- To do:
Apart from the images, the records below need to be copied exactly.

======== Task data

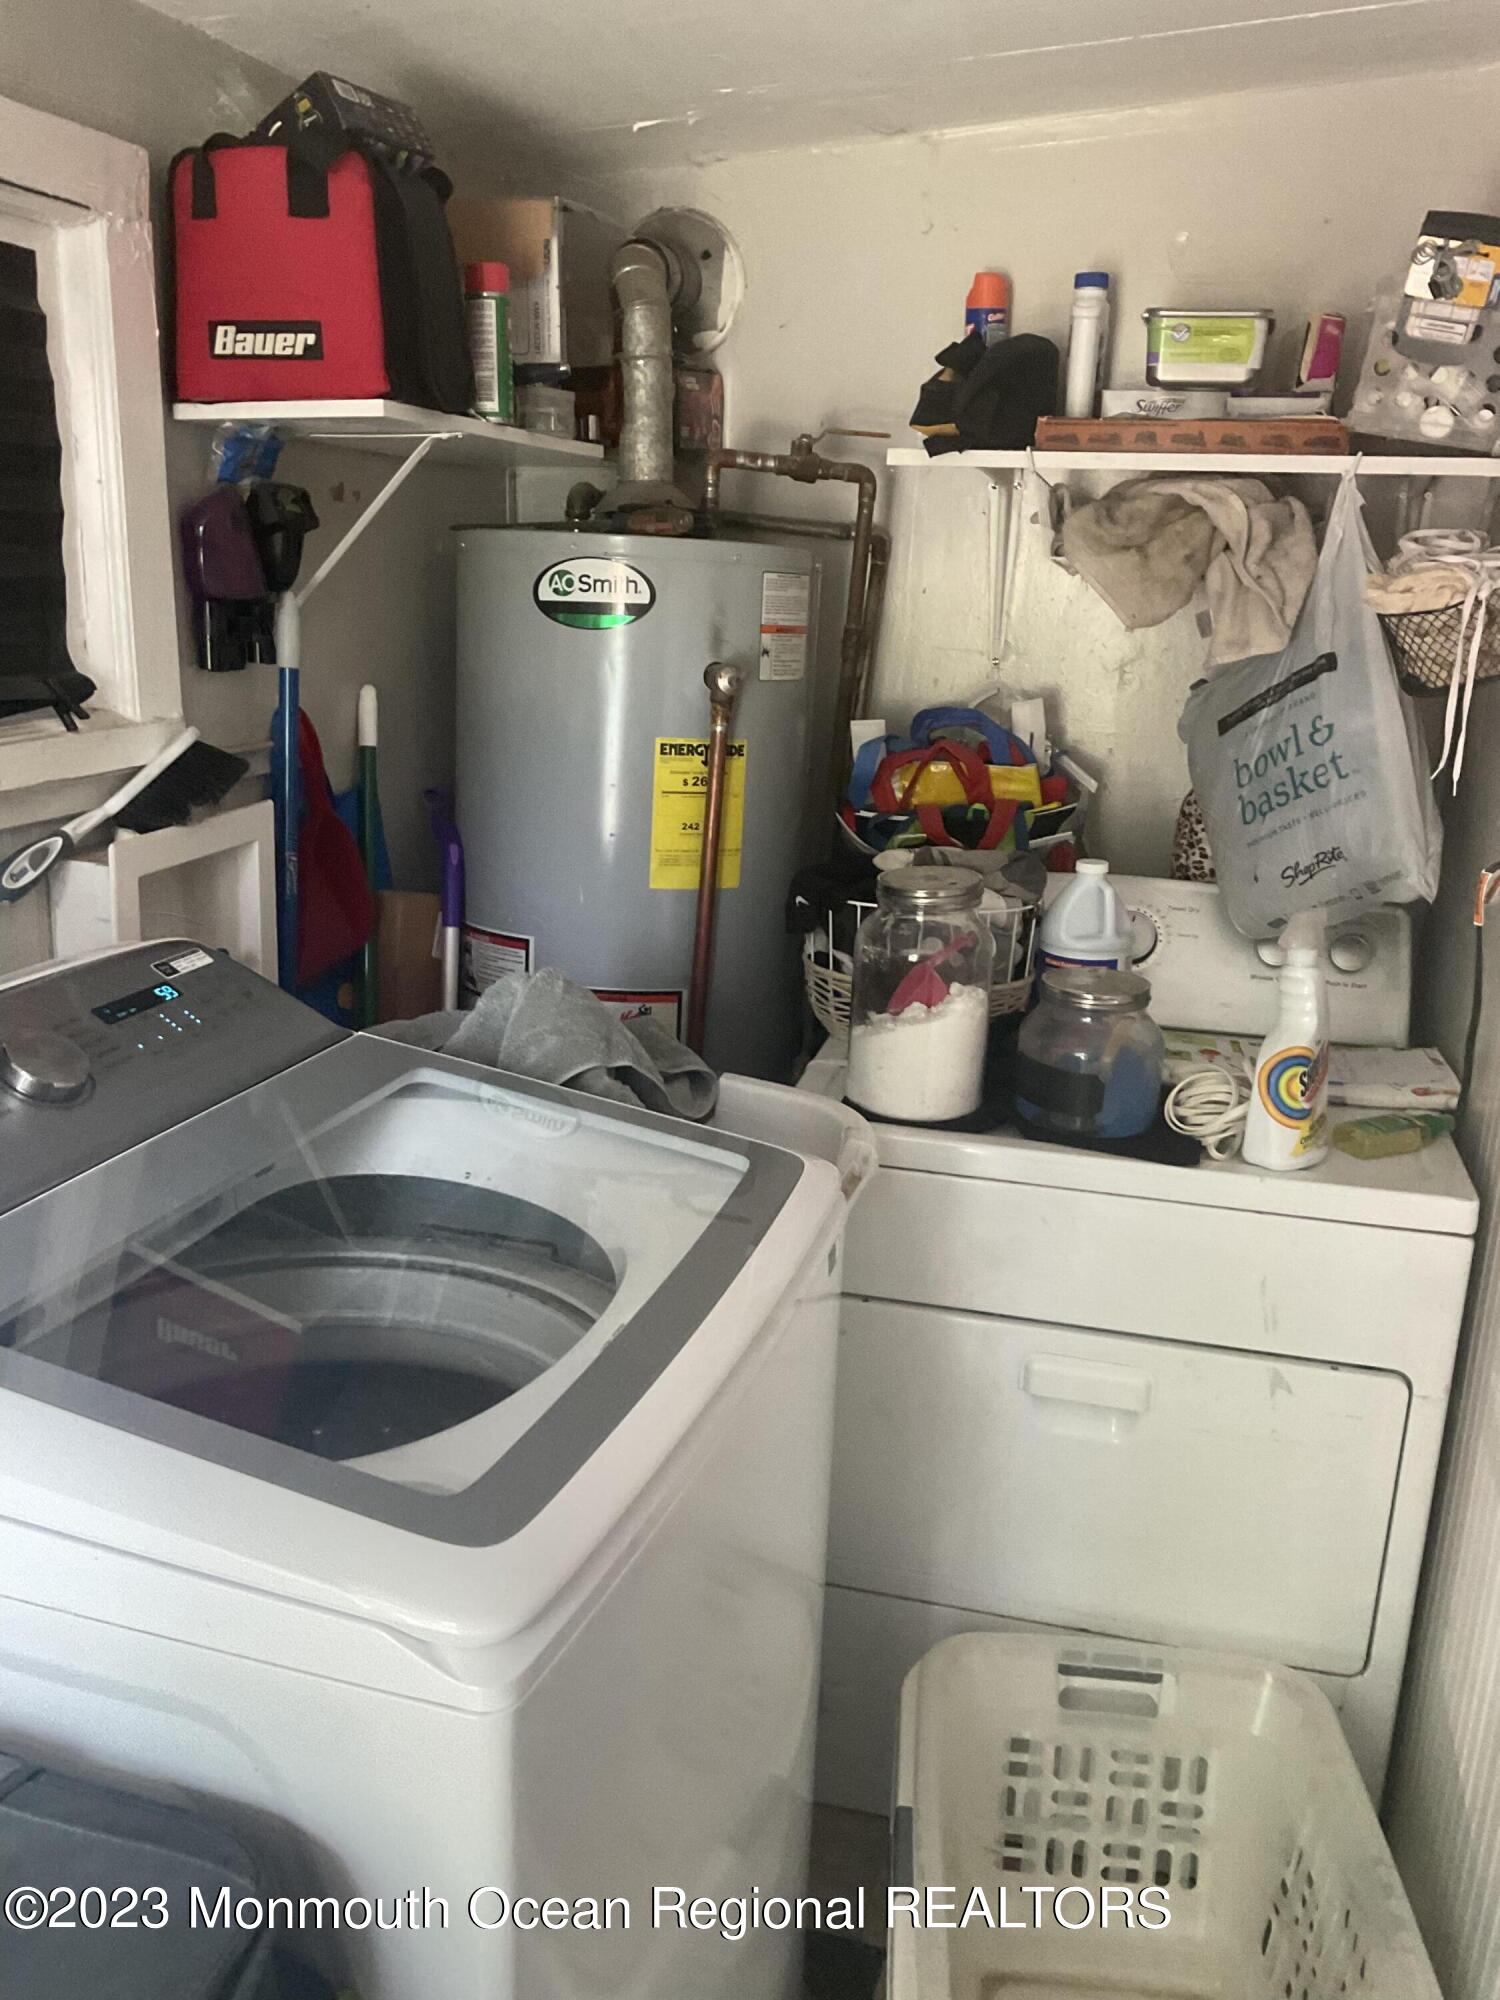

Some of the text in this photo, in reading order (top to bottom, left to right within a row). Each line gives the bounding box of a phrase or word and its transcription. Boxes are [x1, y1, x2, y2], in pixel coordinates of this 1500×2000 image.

[214, 325, 316, 356] Bauer
[1136, 399, 1185, 419] Swiffer
[578, 574, 639, 595] Smih
[1234, 723, 1304, 788] bowl
[1308, 714, 1335, 747] &
[1237, 750, 1350, 826] basket
[681, 822, 700, 831] 242
[1281, 846, 1345, 888] ShopRite

================

- Output for this task:
Some of the text in this photo, in reading order (top to bottom, left to right within a row). Each line gives the bounding box of a phrase or word and its transcription. Boxes are [x1, y1, x2, y2], in pixel coordinates of this 1500×2000 image.

[214, 325, 316, 356] Bauer
[1136, 399, 1185, 419] Swiffer
[578, 574, 639, 595] Smih
[1234, 723, 1304, 788] bowl
[1308, 714, 1335, 747] &
[1237, 750, 1350, 826] basket
[681, 822, 700, 831] 242
[1281, 846, 1345, 888] ShopRite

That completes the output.